Data section:
********************
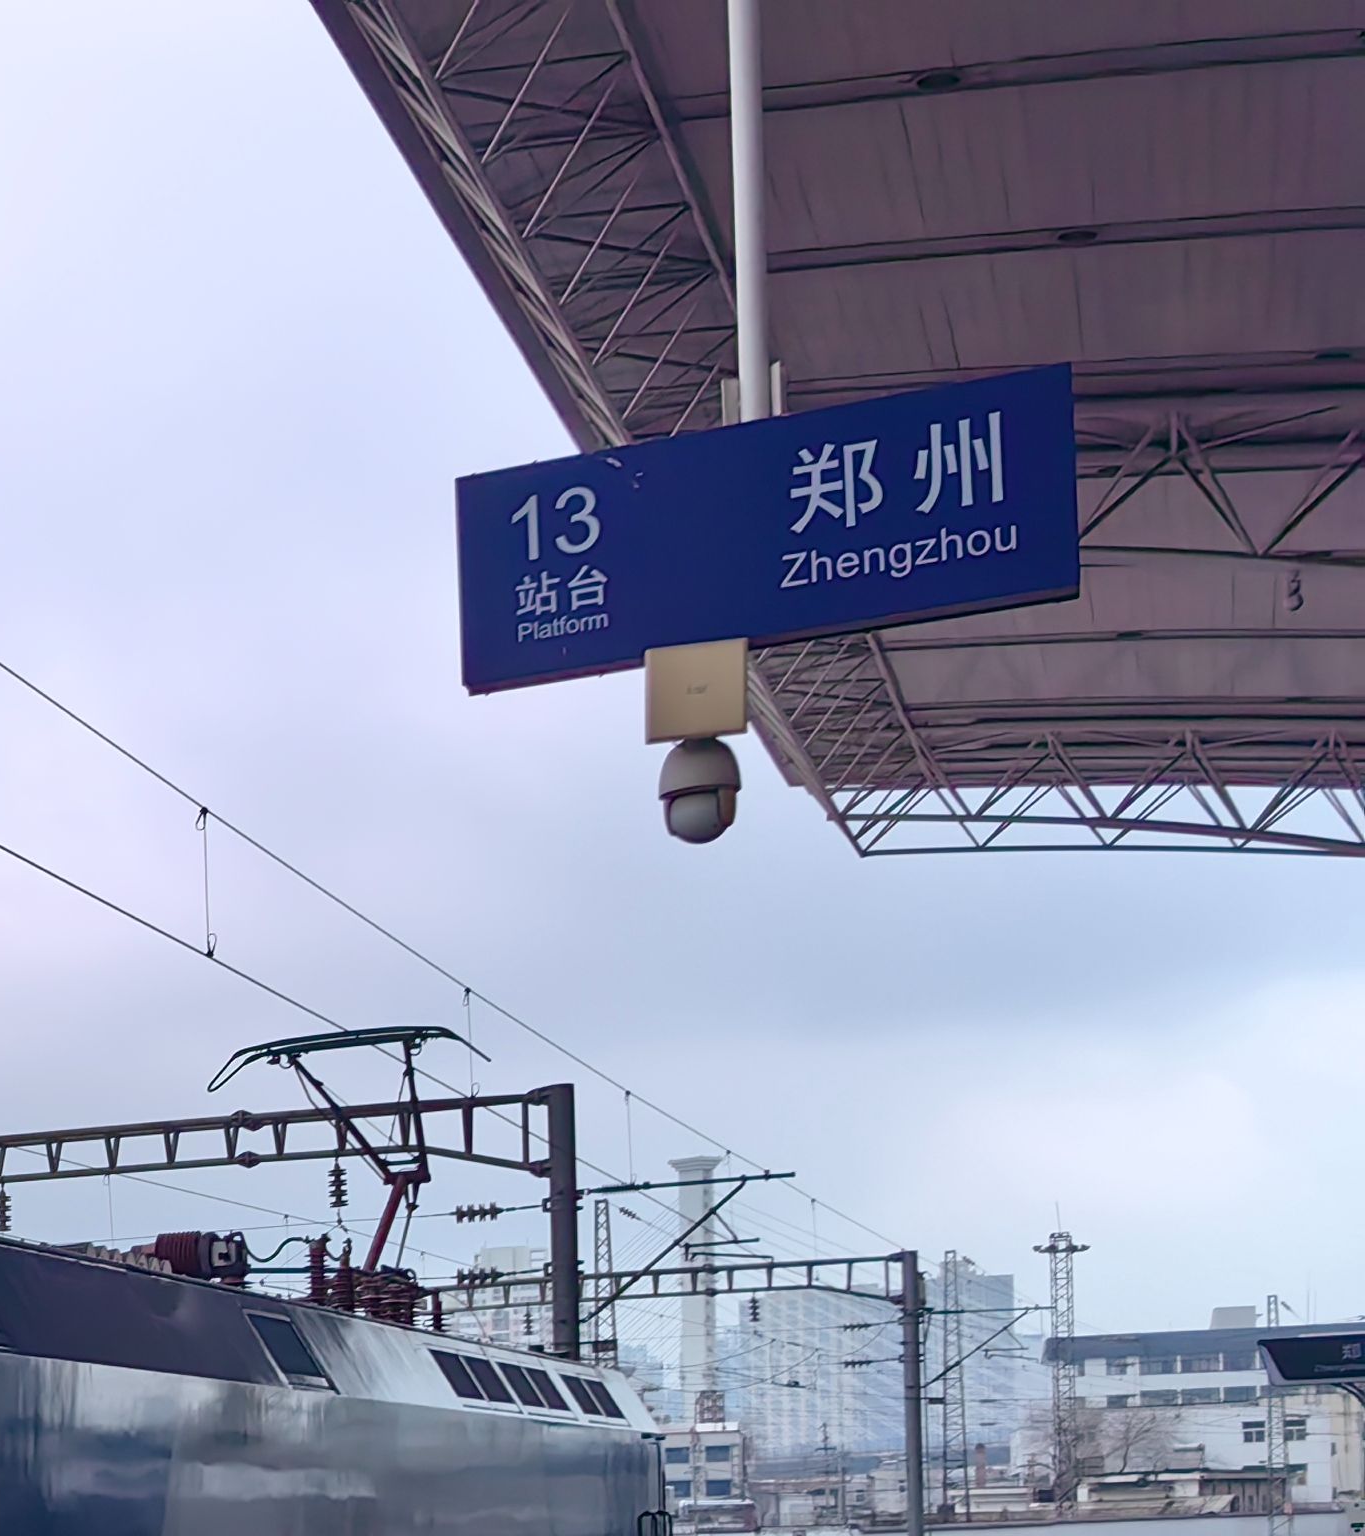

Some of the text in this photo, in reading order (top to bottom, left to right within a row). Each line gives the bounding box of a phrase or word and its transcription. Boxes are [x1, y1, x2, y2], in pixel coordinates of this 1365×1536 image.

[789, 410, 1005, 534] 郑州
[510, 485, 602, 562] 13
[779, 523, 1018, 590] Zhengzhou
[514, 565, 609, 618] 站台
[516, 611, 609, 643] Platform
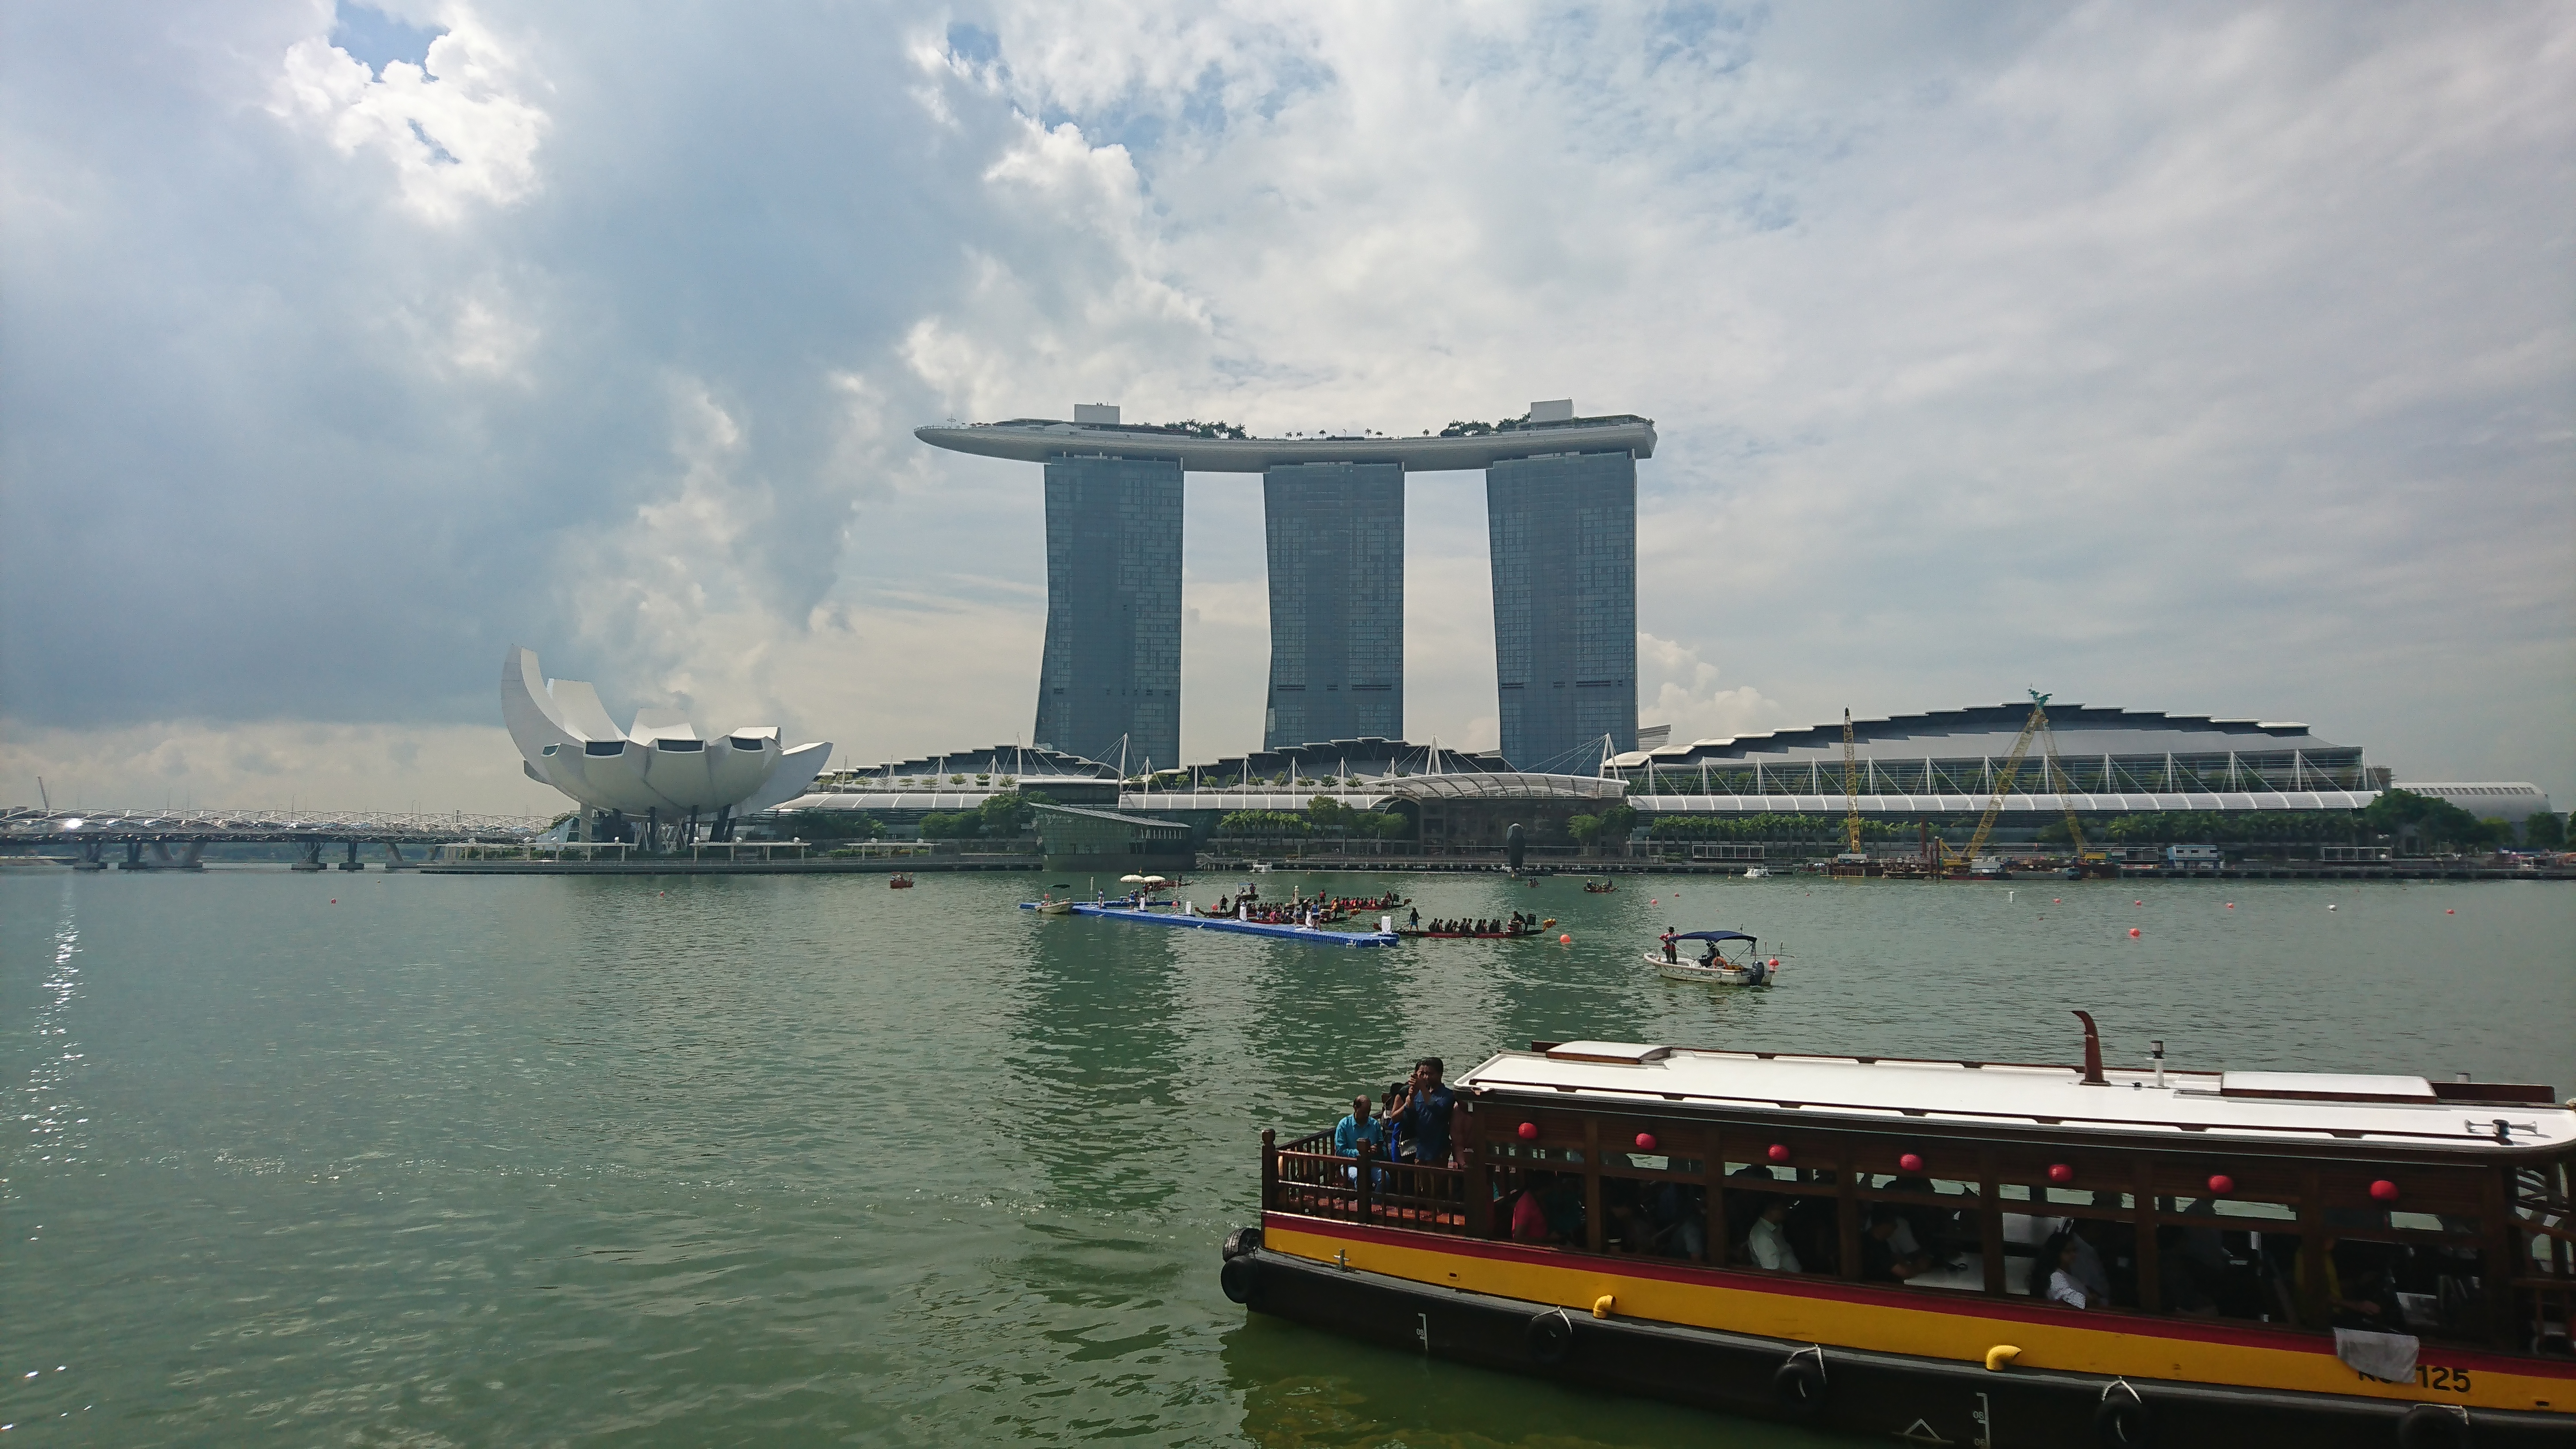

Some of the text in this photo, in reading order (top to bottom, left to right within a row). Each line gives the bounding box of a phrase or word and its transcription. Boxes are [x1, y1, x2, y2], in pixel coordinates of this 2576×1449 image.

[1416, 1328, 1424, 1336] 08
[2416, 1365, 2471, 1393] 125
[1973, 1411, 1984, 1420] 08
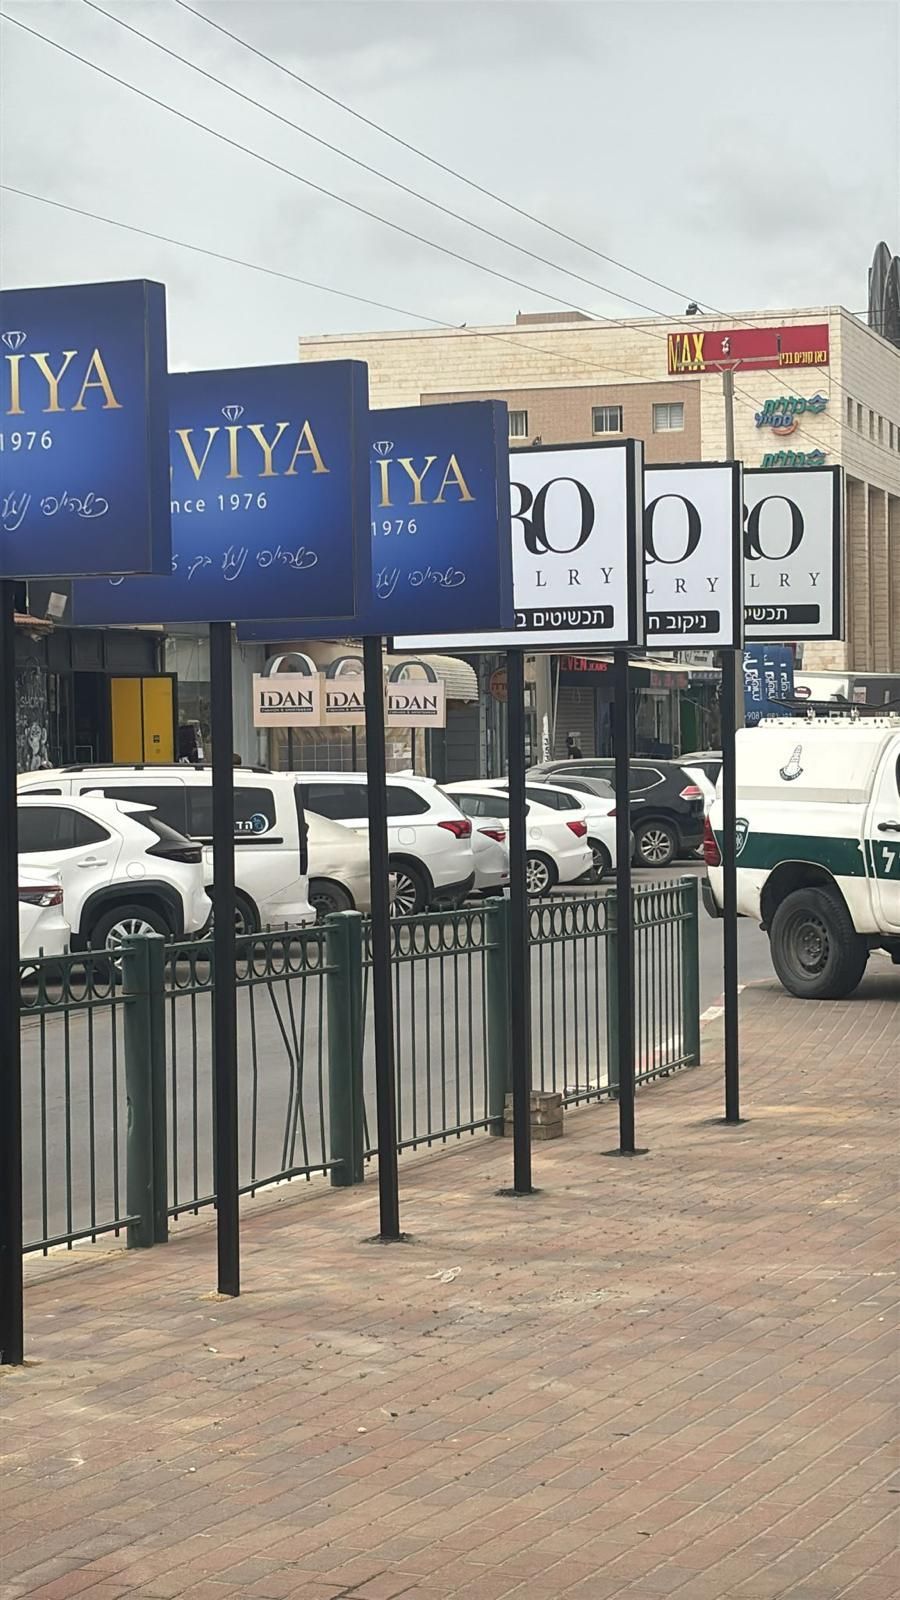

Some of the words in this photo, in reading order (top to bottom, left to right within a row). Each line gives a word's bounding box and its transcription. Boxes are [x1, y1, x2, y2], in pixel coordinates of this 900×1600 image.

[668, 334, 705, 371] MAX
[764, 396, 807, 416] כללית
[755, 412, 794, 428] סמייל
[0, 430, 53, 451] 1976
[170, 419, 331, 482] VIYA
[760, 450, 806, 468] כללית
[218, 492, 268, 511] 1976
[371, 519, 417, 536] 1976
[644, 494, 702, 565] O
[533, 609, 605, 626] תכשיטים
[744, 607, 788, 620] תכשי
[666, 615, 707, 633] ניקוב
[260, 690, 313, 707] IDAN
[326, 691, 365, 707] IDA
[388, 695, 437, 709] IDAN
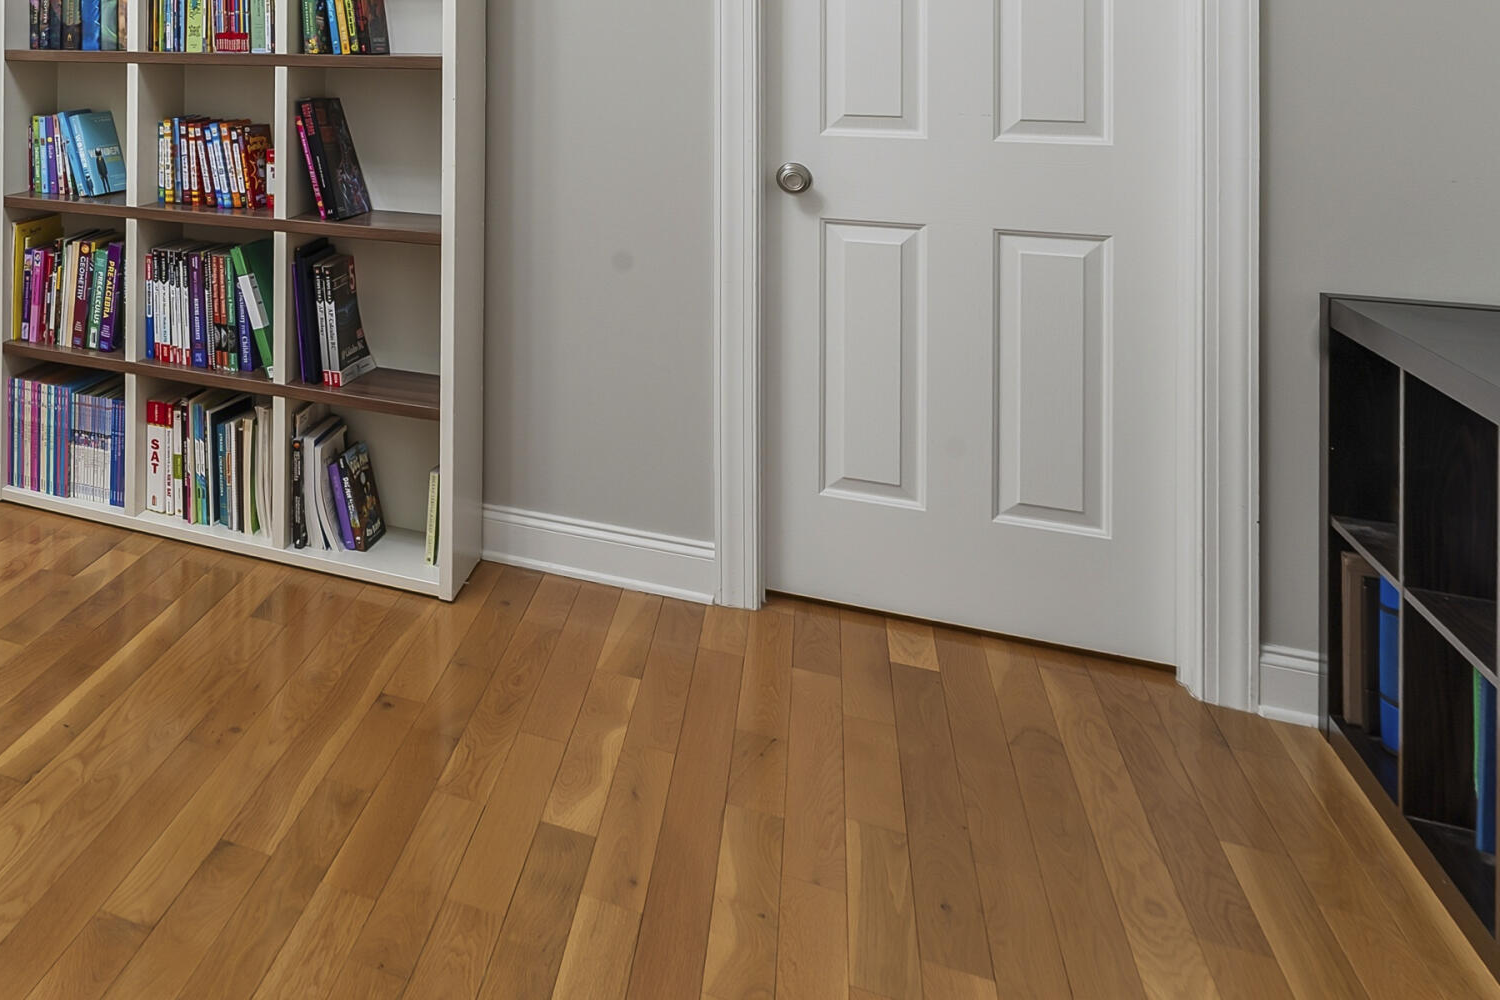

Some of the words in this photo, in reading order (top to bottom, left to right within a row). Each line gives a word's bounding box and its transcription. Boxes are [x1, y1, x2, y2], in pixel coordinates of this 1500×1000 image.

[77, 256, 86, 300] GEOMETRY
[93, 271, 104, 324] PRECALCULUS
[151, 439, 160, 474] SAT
********************
Exercise description: Return the lines exactly, from the one containing "this 2576×1449 image." through the last line above, including both ends and excluding every picture.

Solution for this problem:
Some of the text in this photo, in reading order (top to bottom, left to right within a row). Each line gives the bounding box of a phrase or word and its transcription. Boxes are [x1, y1, x2, y2], in pixel coordinates of this 2576×1449 image.

[1416, 1328, 1424, 1336] 08
[2416, 1365, 2471, 1393] 125
[1973, 1411, 1984, 1420] 08

Some of the words in this photo, in reading order (top to bottom, left to right within a row). Each line gives a word's bounding box and its transcription. Boxes are [x1, y1, x2, y2], in pixel coordinates of this 900×1600 image.

[668, 334, 705, 371] MAX
[764, 396, 807, 416] כללית
[755, 412, 794, 428] סמייל
[0, 430, 53, 451] 1976
[170, 419, 331, 482] VIYA
[760, 450, 806, 468] כללית
[218, 492, 268, 511] 1976
[371, 519, 417, 536] 1976
[644, 494, 702, 565] O
[533, 609, 605, 626] תכשיטים
[744, 607, 788, 620] תכשי
[666, 615, 707, 633] ניקוב
[260, 690, 313, 707] IDAN
[326, 691, 365, 707] IDA
[388, 695, 437, 709] IDAN

Some of the words in this photo, in reading order (top to bottom, left to right within a row). Each line gives a word's bounding box and its transcription. Boxes are [x1, y1, x2, y2], in pixel coordinates of this 1500×1000 image.

[77, 256, 86, 300] GEOMETRY
[93, 271, 104, 324] PRECALCULUS
[151, 439, 160, 474] SAT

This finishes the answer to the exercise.